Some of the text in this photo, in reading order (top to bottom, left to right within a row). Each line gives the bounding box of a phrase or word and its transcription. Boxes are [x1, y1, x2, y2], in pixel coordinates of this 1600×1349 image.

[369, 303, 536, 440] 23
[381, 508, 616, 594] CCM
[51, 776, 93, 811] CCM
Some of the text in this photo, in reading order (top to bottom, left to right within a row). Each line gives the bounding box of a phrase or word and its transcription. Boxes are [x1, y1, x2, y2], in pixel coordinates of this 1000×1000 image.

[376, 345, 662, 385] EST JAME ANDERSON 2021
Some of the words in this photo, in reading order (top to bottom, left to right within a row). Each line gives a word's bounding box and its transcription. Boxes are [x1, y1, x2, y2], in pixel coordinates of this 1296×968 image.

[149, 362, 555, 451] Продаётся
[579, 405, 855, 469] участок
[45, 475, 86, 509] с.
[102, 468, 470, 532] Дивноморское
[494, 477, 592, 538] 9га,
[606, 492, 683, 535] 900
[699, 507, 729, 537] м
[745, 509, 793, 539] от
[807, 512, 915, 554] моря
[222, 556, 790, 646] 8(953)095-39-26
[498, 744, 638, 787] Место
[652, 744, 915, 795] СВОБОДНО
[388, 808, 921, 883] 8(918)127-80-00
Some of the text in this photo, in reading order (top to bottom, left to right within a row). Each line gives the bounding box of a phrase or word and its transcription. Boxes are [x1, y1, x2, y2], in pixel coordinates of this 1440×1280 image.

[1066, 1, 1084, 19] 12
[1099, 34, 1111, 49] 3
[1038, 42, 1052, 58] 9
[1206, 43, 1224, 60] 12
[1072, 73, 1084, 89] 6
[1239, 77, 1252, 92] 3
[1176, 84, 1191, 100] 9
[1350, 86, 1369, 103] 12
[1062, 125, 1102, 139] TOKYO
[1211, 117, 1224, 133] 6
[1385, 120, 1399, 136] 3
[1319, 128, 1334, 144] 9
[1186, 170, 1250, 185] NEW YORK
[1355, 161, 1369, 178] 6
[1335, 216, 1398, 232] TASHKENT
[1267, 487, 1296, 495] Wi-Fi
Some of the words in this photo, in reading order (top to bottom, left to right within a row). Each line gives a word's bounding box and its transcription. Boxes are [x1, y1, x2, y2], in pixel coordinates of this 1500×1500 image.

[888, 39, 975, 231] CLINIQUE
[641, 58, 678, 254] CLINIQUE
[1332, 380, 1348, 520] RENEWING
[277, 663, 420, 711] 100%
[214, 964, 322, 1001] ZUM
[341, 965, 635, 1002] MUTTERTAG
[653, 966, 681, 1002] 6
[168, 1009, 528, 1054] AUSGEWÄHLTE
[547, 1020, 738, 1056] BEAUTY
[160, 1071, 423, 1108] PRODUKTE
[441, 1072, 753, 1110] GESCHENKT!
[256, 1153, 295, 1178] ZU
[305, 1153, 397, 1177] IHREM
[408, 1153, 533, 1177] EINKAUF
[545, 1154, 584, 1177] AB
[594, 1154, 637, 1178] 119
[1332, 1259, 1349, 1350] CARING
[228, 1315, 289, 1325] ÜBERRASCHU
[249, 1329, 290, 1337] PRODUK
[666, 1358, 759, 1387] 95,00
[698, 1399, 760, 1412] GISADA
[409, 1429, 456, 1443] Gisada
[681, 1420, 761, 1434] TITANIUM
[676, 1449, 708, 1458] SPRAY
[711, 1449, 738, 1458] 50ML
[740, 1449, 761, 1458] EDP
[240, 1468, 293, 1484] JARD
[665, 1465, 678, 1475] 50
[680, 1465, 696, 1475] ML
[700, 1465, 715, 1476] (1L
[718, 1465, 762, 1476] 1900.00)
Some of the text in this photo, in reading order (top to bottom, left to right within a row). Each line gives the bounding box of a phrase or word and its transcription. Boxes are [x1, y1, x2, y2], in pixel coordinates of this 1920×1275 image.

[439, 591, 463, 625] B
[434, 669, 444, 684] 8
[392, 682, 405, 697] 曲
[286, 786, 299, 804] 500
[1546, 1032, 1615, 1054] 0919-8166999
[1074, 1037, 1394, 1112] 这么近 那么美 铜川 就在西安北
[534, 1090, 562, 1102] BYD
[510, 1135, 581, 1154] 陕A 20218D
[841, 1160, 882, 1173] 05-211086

● ● ● ●

Having read the material, return all of it word for word.

• **YOUR RESPONSE**
Some of the text in this photo, in reading order (top to bottom, left to right within a row). Each line gives the bounding box of a phrase or word and its transcription. Boxes are [x1, y1, x2, y2], in pixel coordinates of this 1600×1349 image.

[369, 303, 536, 440] 23
[381, 508, 616, 594] CCM
[51, 776, 93, 811] CCM
Some of the text in this photo, in reading order (top to bottom, left to right within a row). Each line gives the bounding box of a phrase or word and its transcription. Boxes are [x1, y1, x2, y2], in pixel coordinates of this 1000×1000 image.

[376, 345, 662, 385] EST JAME ANDERSON 2021
Some of the words in this photo, in reading order (top to bottom, left to right within a row). Each line gives a word's bounding box and its transcription. Boxes are [x1, y1, x2, y2], in pixel coordinates of this 1296×968 image.

[149, 362, 555, 451] Продаётся
[579, 405, 855, 469] участок
[45, 475, 86, 509] с.
[102, 468, 470, 532] Дивноморское
[494, 477, 592, 538] 9га,
[606, 492, 683, 535] 900
[699, 507, 729, 537] м
[745, 509, 793, 539] от
[807, 512, 915, 554] моря
[222, 556, 790, 646] 8(953)095-39-26
[498, 744, 638, 787] Место
[652, 744, 915, 795] СВОБОДНО
[388, 808, 921, 883] 8(918)127-80-00
Some of the text in this photo, in reading order (top to bottom, left to right within a row). Each line gives the bounding box of a phrase or word and its transcription. Boxes are [x1, y1, x2, y2], in pixel coordinates of this 1440×1280 image.

[1066, 1, 1084, 19] 12
[1099, 34, 1111, 49] 3
[1038, 42, 1052, 58] 9
[1206, 43, 1224, 60] 12
[1072, 73, 1084, 89] 6
[1239, 77, 1252, 92] 3
[1176, 84, 1191, 100] 9
[1350, 86, 1369, 103] 12
[1062, 125, 1102, 139] TOKYO
[1211, 117, 1224, 133] 6
[1385, 120, 1399, 136] 3
[1319, 128, 1334, 144] 9
[1186, 170, 1250, 185] NEW YORK
[1355, 161, 1369, 178] 6
[1335, 216, 1398, 232] TASHKENT
[1267, 487, 1296, 495] Wi-Fi
Some of the words in this photo, in reading order (top to bottom, left to right within a row). Each line gives a word's bounding box and its transcription. Boxes are [x1, y1, x2, y2], in pixel coordinates of this 1500×1500 image.

[888, 39, 975, 231] CLINIQUE
[641, 58, 678, 254] CLINIQUE
[1332, 380, 1348, 520] RENEWING
[277, 663, 420, 711] 100%
[214, 964, 322, 1001] ZUM
[341, 965, 635, 1002] MUTTERTAG
[653, 966, 681, 1002] 6
[168, 1009, 528, 1054] AUSGEWÄHLTE
[547, 1020, 738, 1056] BEAUTY
[160, 1071, 423, 1108] PRODUKTE
[441, 1072, 753, 1110] GESCHENKT!
[256, 1153, 295, 1178] ZU
[305, 1153, 397, 1177] IHREM
[408, 1153, 533, 1177] EINKAUF
[545, 1154, 584, 1177] AB
[594, 1154, 637, 1178] 119
[1332, 1259, 1349, 1350] CARING
[228, 1315, 289, 1325] ÜBERRASCHU
[249, 1329, 290, 1337] PRODUK
[666, 1358, 759, 1387] 95,00
[698, 1399, 760, 1412] GISADA
[409, 1429, 456, 1443] Gisada
[681, 1420, 761, 1434] TITANIUM
[676, 1449, 708, 1458] SPRAY
[711, 1449, 738, 1458] 50ML
[740, 1449, 761, 1458] EDP
[240, 1468, 293, 1484] JARD
[665, 1465, 678, 1475] 50
[680, 1465, 696, 1475] ML
[700, 1465, 715, 1476] (1L
[718, 1465, 762, 1476] 1900.00)
Some of the text in this photo, in reading order (top to bottom, left to right within a row). Each line gives the bounding box of a phrase or word and its transcription. Boxes are [x1, y1, x2, y2], in pixel coordinates of this 1920×1275 image.

[439, 591, 463, 625] B
[434, 669, 444, 684] 8
[392, 682, 405, 697] 曲
[286, 786, 299, 804] 500
[1546, 1032, 1615, 1054] 0919-8166999
[1074, 1037, 1394, 1112] 这么近 那么美 铜川 就在西安北
[534, 1090, 562, 1102] BYD
[510, 1135, 581, 1154] 陕A 20218D
[841, 1160, 882, 1173] 05-211086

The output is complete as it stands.